C’est quoi une plante invasive ?

Il faut bien faire la différence entre plusieurs termes : plantes « invasives » (on dit « envahissantes » d’ailleurs en français), exotiques, et mauvaises herbes.

Commençons par les « mauvaises herbes ». En fait, il n’y a pas de « mauvaises » herbes ou de « mauvaises » plantes d’un point de vue purement biologique. Simplement, le terme fait référence à des espèces généralement communes dont nous ne tirons aucune utilité (même si certaines sont comestibles) et qui ont tendance à pousser à la place de nos plantations, que ce soit dans les champs, dans les pots, ou dans les potagers. Vous avez par exemple le pissenlit, le chiendent, le liseron, le trèfle, etc. Ces noms communs peuvent représenter plusieurs espèces. Ces plantes sont généralement indigènes, c’est à dire qu’elles poussent naturellement dans nos régions et n’ont pas été récemment introduites. Ce sont en revanche souvent des plantes qui aiment les milieux cultivés/perturbés et qui se caractérisent par une croissance rapide, une floraison abondante et une dispersion très efficace. Elles poussent naturellement dans des habitats perturbés, temporaires, et ont donc besoin de rapidement boucler leur cycle de vie (et se reproduire efficacement) si elles veulent survivre dans la nature (chablis, falaise, zone inondable etc.).

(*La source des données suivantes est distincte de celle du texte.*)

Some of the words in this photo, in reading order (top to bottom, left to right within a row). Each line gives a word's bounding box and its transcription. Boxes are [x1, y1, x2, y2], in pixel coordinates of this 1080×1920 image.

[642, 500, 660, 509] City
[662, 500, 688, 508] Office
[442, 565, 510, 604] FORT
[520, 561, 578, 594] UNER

Passons aux exotiques (ou exogènes/néophytes), elle n’ont rien à voir avec les tropiques ou les plantes d’intérieur, ce terme regroupe en fait toutes les plantes qui ne sont pas indigènes, c’est à dire qu’elles ont été introduites – quasiment exclusivement par l’Homme – récemment au court de l’histoire. Cela peut faire déjà plusieurs siècles ou seulement quelques décennies. Elles sont souvent originaires d’Amérique du Nord, d’Asie voire d’Australie et arrivent à survivre dans notre climat car elles poussent elles-même dans un climat similaire, sous les mêmes latitudes, mais ailleurs sur la planète. Ces plantes exotiques sont souvent des échappées de jardins privés ou botaniques et ont été traditionnellement cultivées pour leur caractère ornemental. Elles se divisent en deux catégories : les exotiques naturalisées que l’on retrouve dans nos milieux naturels sans pour autant poser de problèmes directes à la biodiversité indigène, et les exotiques envahissantes (= « invasives »)

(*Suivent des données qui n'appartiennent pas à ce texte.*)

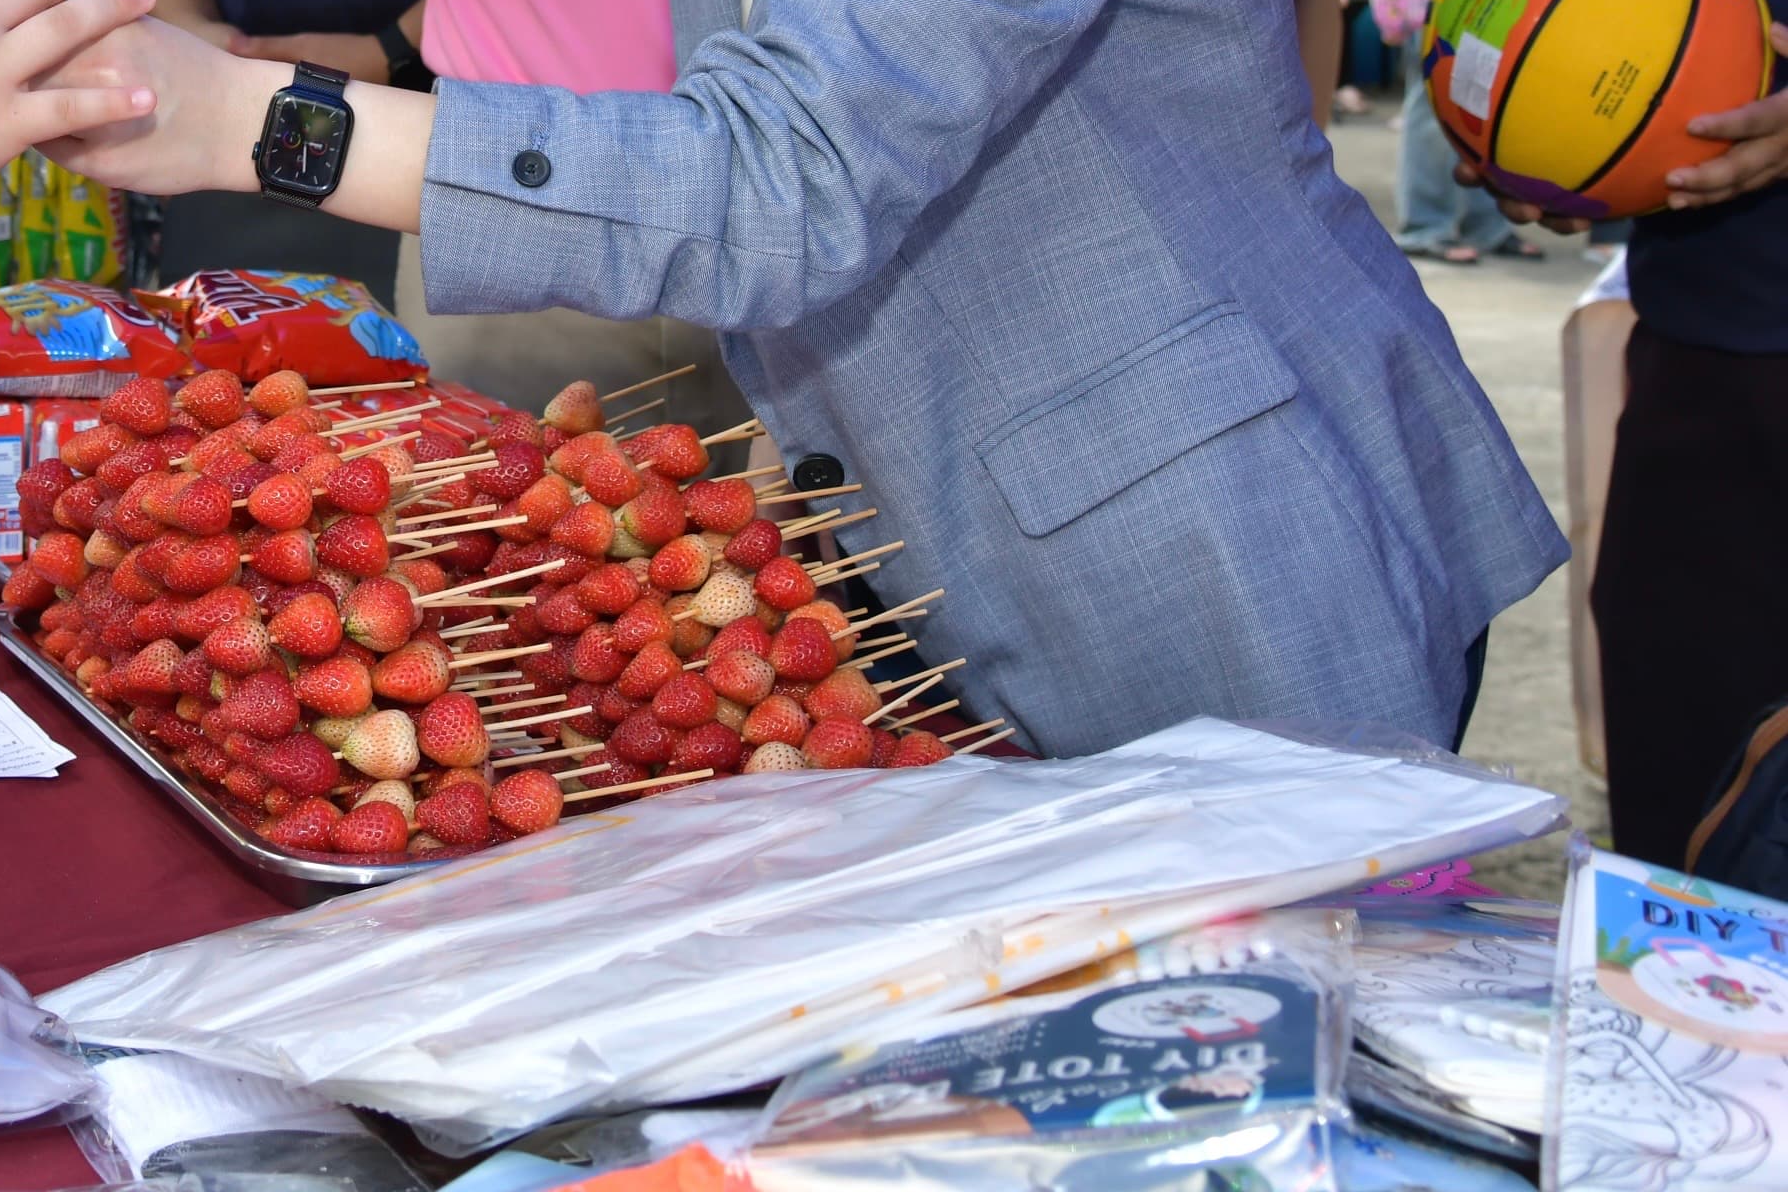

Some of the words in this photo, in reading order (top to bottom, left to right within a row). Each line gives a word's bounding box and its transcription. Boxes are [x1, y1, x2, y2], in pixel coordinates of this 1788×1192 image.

[1642, 899, 1741, 942] DIY
[972, 1053, 1132, 1093] TOTE
[1150, 1042, 1267, 1076] DIY

Les plantes envahissantes sont donc des plantes exotiques, venant d’ailleurs, mais qui ont un développement incontrôlé dans leur nouvelle aire de répartition au point de prendre la place des espèces indigènes. Elles ont été introduites par l’Homme, volontairement ou non. Nous voyons ici que le véritable problème de ces plantes n’est pas tant leur origine comme l’article semble vouloir le faire croire, mais bien leur développement dans les habitats naturels locaux.

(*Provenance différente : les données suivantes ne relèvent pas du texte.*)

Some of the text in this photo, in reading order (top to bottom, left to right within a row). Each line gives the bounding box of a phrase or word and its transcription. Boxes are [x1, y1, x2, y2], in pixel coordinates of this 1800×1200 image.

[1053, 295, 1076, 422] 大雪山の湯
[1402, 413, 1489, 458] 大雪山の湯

Nous nous concentrerons ici sur les plantes envahissantes mais il existe aussi tout un tas d’insectes et d’animaux exotiques envahissants qui posent aussi de nombreux problèmes (économiques) peut être plus visibles (frelon asiatique qui décime les abeilles domestiques, pyrale du buis qui a rasé les buxaies (forêt de buis) françaises etc.).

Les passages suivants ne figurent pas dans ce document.